Write out the listing below without alteration, omitting its pictures.

--------

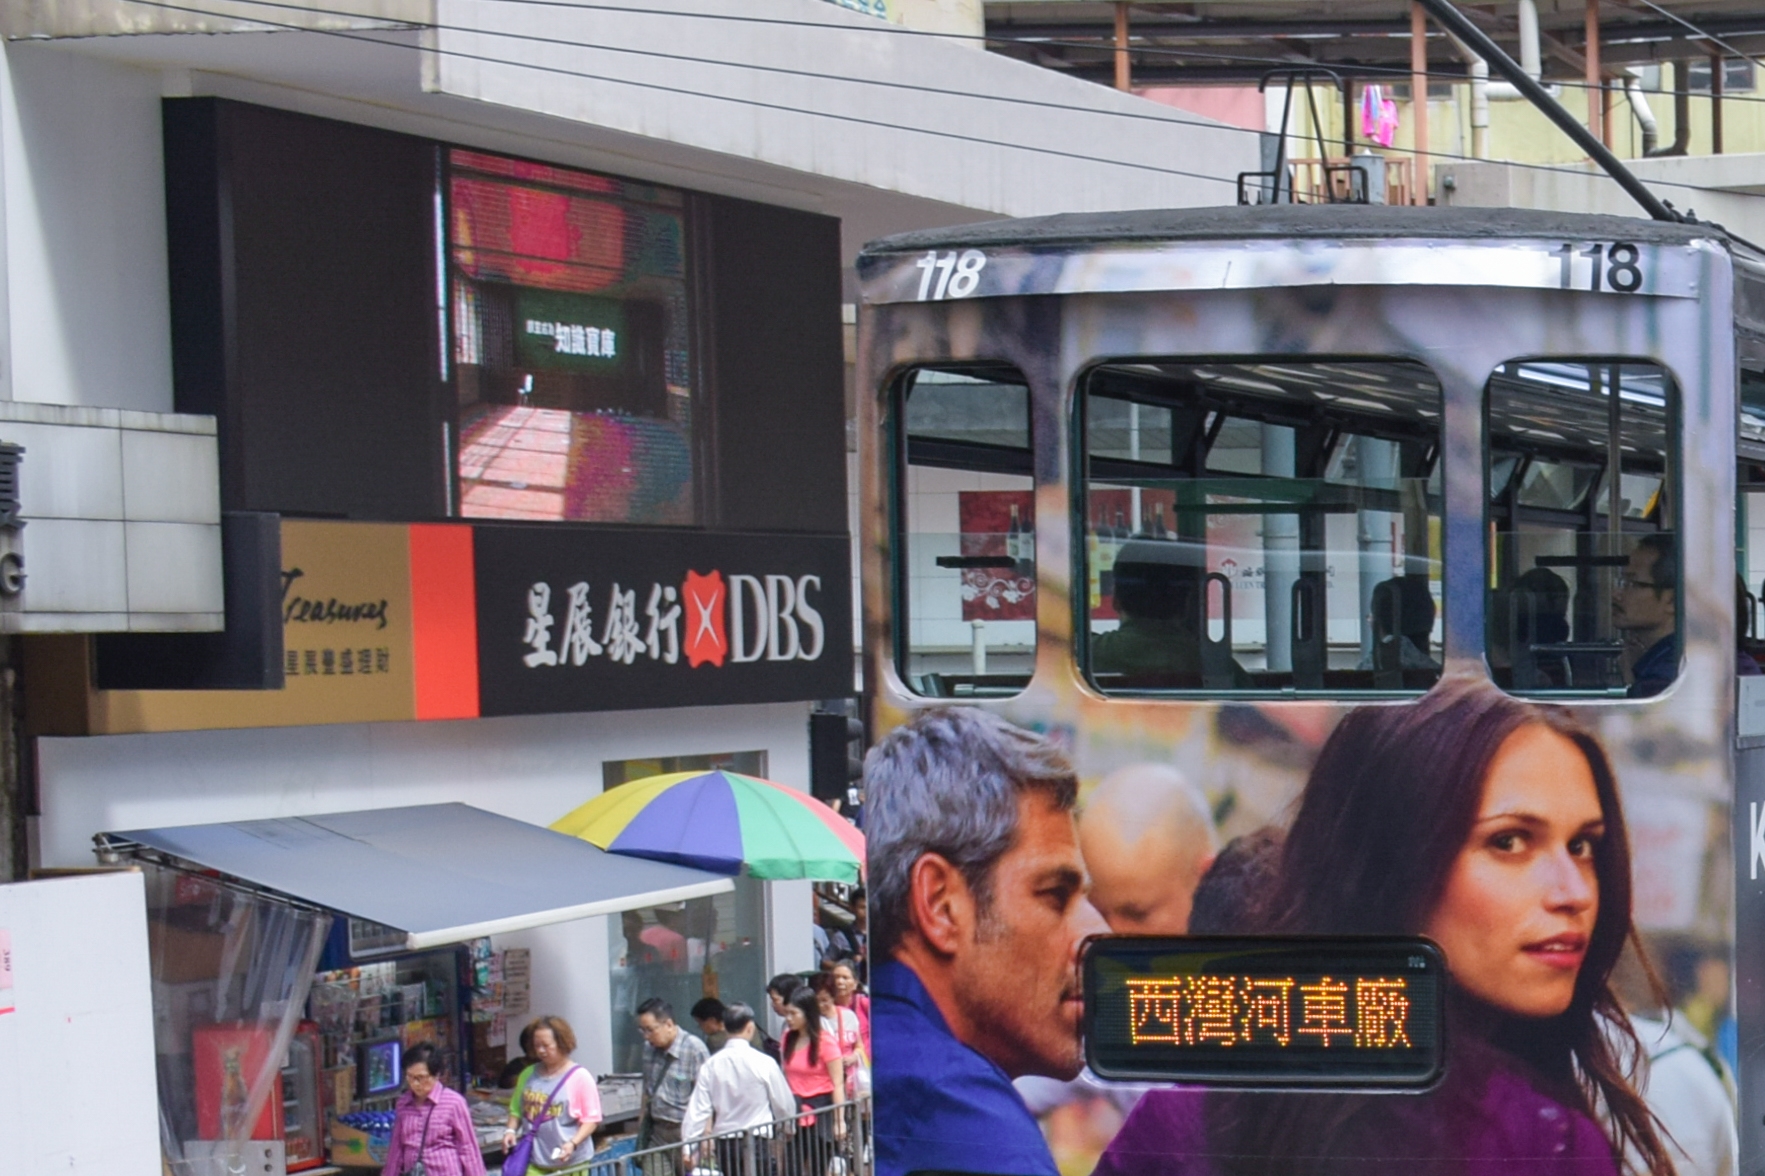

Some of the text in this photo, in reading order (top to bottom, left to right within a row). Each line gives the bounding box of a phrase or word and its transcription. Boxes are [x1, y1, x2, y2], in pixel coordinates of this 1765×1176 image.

[916, 249, 987, 301] 118
[1548, 242, 1643, 292] 118
[522, 581, 681, 668] 星展銀行
[728, 574, 825, 663] DBS
[1126, 975, 1411, 1047] 西灣河車廠

--------

_Answer for this exercise_
Some of the text in this photo, in reading order (top to bottom, left to right within a row). Each line gives the bounding box of a phrase or word and its transcription. Boxes are [x1, y1, x2, y2], in pixel coordinates of this 1765×1176 image.

[916, 249, 987, 301] 118
[1548, 242, 1643, 292] 118
[522, 581, 681, 668] 星展銀行
[728, 574, 825, 663] DBS
[1126, 975, 1411, 1047] 西灣河車廠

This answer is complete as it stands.